Lending support to the idea of transborder justice was the emergence of a political doctrine, R2P, first formulated in response to human rights abuses in Rwanda, Kosovo, Bosnia and Somalia, during the 1990s involving ethnic cleansing and genocide. R2P articulates cross-border responsibilities in instances where a state is unwilling or unable to halt or avert serious harms its people are suffering; in these instances, states must protect the citizens of another state.27 The International Commission on Intervention and State Sovereignty, which formulated the doctrine, elucidated it in terms of three subresponsibilities: preventing atrocities; responding to them when they arise; and building, adapting and recovering capacities for self-sufficiency. So understood, R2P converges with the view that a primary responsibility for the protection of people rests locally, with the state, but holds that responsibility does not end there.

R2P gains further support from the sober recognition that it is in each state’s interest to promote the interests of every other state. Power and Faden put the point this way: ‘in all countries, including the world’s most developed and wealthiest nations, the well-being of their citizens is very much influenced by what happens in global markets for energy, food, capital and currency, as well as political decisions by powerful states with regard to their trade and investment priorities’.28 Young argues that such externalities provide a reason for considering responsibility for justice as extending beyond people close by or in the same nation as oneself.29

Despite its appeal, R2P has generated controversy. Médecins Sans Frontieres voiced concern when R2P was used to justify militarised intervention and ‘killing in the name of humanitarianism’.30 It argued further that the doctrine blurred lines between military and humanitarian action, putting relief workers at risk.
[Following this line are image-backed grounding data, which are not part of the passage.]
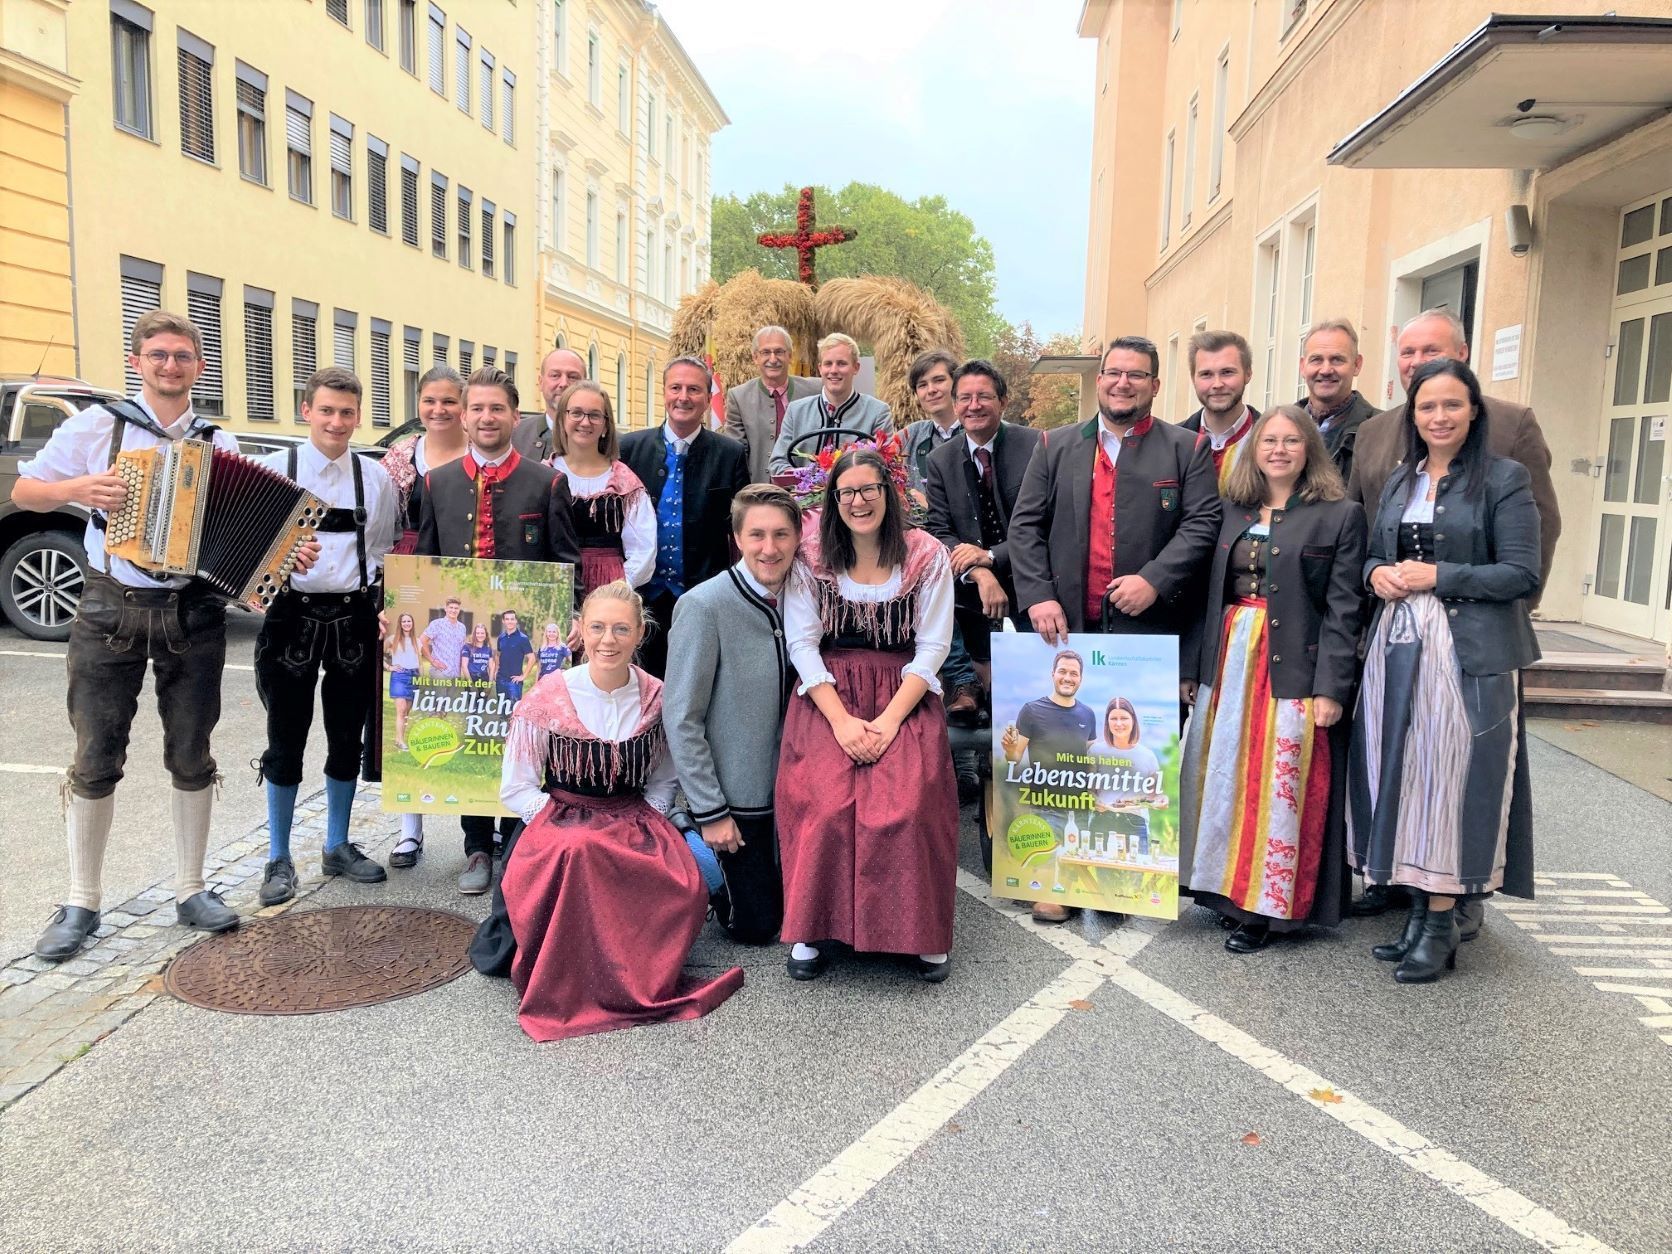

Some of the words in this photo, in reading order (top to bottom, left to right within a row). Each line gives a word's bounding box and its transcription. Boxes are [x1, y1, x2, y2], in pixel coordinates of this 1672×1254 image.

[1092, 650, 1106, 666] lk
[412, 676, 430, 686] Mit
[433, 678, 452, 687] uns
[455, 678, 472, 688] hat
[475, 678, 493, 689] der
[412, 689, 515, 715] ländlich
[464, 715, 510, 737] Rau
[410, 733, 454, 747] BÄUERINNEN
[422, 740, 451, 751] BAUERN
[464, 738, 506, 756] Zuk
[1056, 752, 1074, 763] Mit
[1077, 755, 1096, 765] uns
[1098, 755, 1132, 767] haben
[1005, 760, 1164, 795] Lebensmittel
[1019, 787, 1096, 811] Zukunft
[1010, 832, 1051, 843] BÄUERINNEN
[1021, 840, 1048, 849] BAUERN
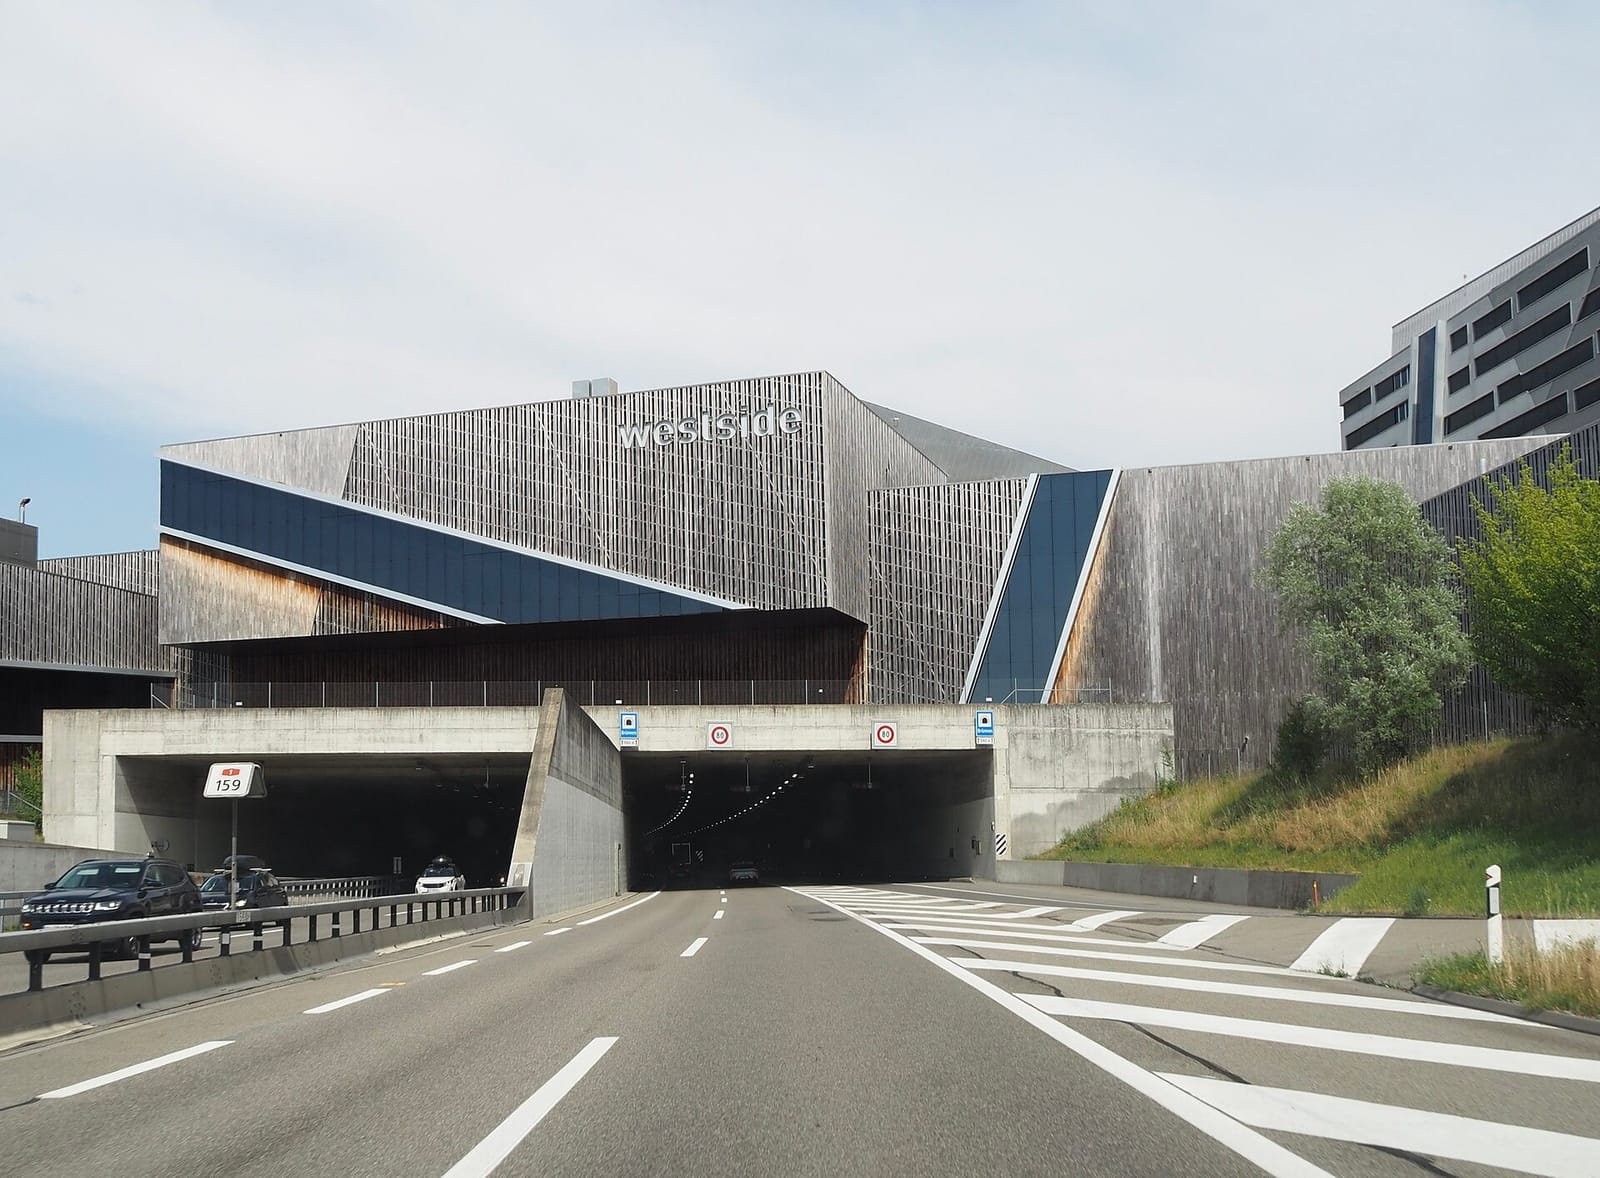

One response was spelling out practical tactics, including a ‘responsibility while protecting’ doctrine, to help address such concerns. Today, a global consensus about cross-border responsibility has solidified and R2P is an agreed upon norm in the UN system.31 Although R2P was conceived around in-country conflicts, its underlying ideas have broader appeal, as a global call to action to protect fundamental human rights in the face of mass disasters that threaten to undermine them.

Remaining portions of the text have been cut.